In [70]: def rand_rows_sum_to_one(nrows, ncols):
....: x = np.random.random((ncols, nrows))
....: y = x.sum(axis=0)
....: x /= y
....: return x.T
....:
In [71]: %timeit rand_rows_sum_to_one(1000000, 13)
1 loops, best of 3: 455 ms per loop
In [72]: x = rand_rows_sum_to_one(1000000, 13)
In [73]: x.sum(axis=1)
Out[73]: array([ 1., 1., 1., ..., 1., 1., 1.])
Honestly, even if you re-implement things in C, I'm not sure you'll be able to beat numpy by much on this one... I could be very wrong, though!
EDIT Created functions that return the full set of numbers, not just one row at a time.
EDIT 2 Make the functions more pythonic (and faster), add solution for second question
For the first set of numbers, you might consider numpy.random.randint or numpy.random.uniform, which take low and high parameters. Generating an array of 7 x 1,000,000 numbers in a specified range seems to take < 0.7 second on my 2 GHz machine:
def LimitedRandInts(XLim, N):
rowlen = (1,N)
return [np.random.randint(low=0,high=lim,size=rowlen) for lim in XLim]
def LimitedRandDoubles(XLim, N):
rowlen = (1,N)
return [np.random.uniform(low=0,high=lim,size=rowlen) for lim in XLim]
>>> import numpy as np
>>> N = 1000000 #number of randoms in each range
>>> xLim = [x*500 for x in range(1,8)] #convenient limit generation
>>> fLim = [x/7.0 for x in range(1,8)]
>>> aa = LimitedRandInts(xLim, N)
>>> ff = LimitedRandDoubles(fLim, N)
This returns integers in [0,xLim-1] or floats in [0,fLim). The integer version took ~0.3 seconds, the double ~0.66, on my 2 GHz single-core machine.
For the second set, I used #Joe Kingston's suggestion.
def SumToOneRands(NumToSum, N):
aa = np.random.uniform(low=0,high=1.0,size=(NumToSum,N)) #13 rows by 1000000 columns, for instance
s = np.reciprocal(aa.sum(0))
aa *= s
return aa.T #get back to column major order, so aa[k] is the kth set of 13 numbers
>>> ll = SumToOneRands(13, N)
This takes ~1.6 seconds.
In all cases, result[k] gives you the kth set of data.
Try r = 1664525*r + 1013904223
from "an even quicker generator"
in "Numerical Recipes in C" 2nd edition, Press et al., isbn 0521431085, p. 284.

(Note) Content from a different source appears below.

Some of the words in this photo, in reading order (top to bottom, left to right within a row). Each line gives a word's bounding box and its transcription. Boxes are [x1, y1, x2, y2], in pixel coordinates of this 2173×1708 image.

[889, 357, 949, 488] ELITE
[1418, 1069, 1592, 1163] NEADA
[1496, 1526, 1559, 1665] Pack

np.random is certainly "more random"; see
Linear congruential generator .
In python, use np.uint32 like this:
python -mtimeit -s '
import numpy as np
r = 1
r = np.array([r], np.uint32)[0] # 316 py -> 16 us np
# python longs can be arbitrarily long, so slow
' '
r = r*1664525 + 1013904223 # NR2 p. 284
'
To generate big blocks at a time:
# initialize --
np.random.seed( ... )
R = np.random.randint( 0, np.iinfo( np.uint32 ).max, size, dtype=np.uint32 )
...
R *= 1664525
R += 1013904223
Making your code run in parallel certainly couldn't hurt. Try adapting it for SMP with Parallel Python
As others have already pointed out, numpy is a very good start, fast and easy to use.
If you need random numbers on a massive scale, consider eas-ecb or rc4. Both can be parallelised, you should reach performance in several GB/s.

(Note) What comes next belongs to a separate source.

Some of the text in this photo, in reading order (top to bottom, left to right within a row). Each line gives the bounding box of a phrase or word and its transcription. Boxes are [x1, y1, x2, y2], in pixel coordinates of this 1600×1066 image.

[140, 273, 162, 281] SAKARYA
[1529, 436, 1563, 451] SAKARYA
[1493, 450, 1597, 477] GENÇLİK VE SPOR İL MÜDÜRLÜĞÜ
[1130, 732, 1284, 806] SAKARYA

achievable numbers posted here
If you have access to multiple cores, the computations can be done in parallel with dask.array:
import dask.array as da
x = da.random.random(size=(rows, cols)).compute()
# .compute is not necessary here, because calculations
# can continue in a lazy form and .compute is used
# on the final result
import random
for i in range(1000000):
print(random.randint(1, 1000000))
Here's a code in Python that you can use to generate one million random numbers, one per line!

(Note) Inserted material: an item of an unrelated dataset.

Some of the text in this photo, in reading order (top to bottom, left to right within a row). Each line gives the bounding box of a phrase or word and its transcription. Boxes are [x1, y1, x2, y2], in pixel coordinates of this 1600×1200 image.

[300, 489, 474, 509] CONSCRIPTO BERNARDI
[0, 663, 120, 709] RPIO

Just a quick example of numpy in action:
data = numpy.random.rand(1000000)
No need for loop, you can pass in how many numbers you want to generate.
Related
Given two matrices X1 (N,3136) and X2 (M,3136) (where every element in every row is an binary number) i am trying to calculate hamming distance so that each element in X1 is compared to all of the rows from X2, such that result matrix is (N,M).
I have written two function for it (first one with help of numpy and the other one without numpy):
def hamming_distance(X, X_train):
array = np.array([np.sum(np.logical_xor(x, X_train), axis=1) for x in X])
return array
def hamming_distance2(X, X_train):
a = len(X[:,0])
b = len(X_train[:,0])
hamming_distance = np.zeros(shape=(a, b))
for i in range(0, a):
for j in range(0, b):
hamming_distance[i,j] = np.count_nonzero(X[i,:] != X_train[j,:])
return hamming_distance
My problem is that upper function is much slower than lower one where I use two for loops. Is it possible to improve on first function so that I use only one loop?
PS. Sorry for my english, it isn't my first language, although I was trying to do my best!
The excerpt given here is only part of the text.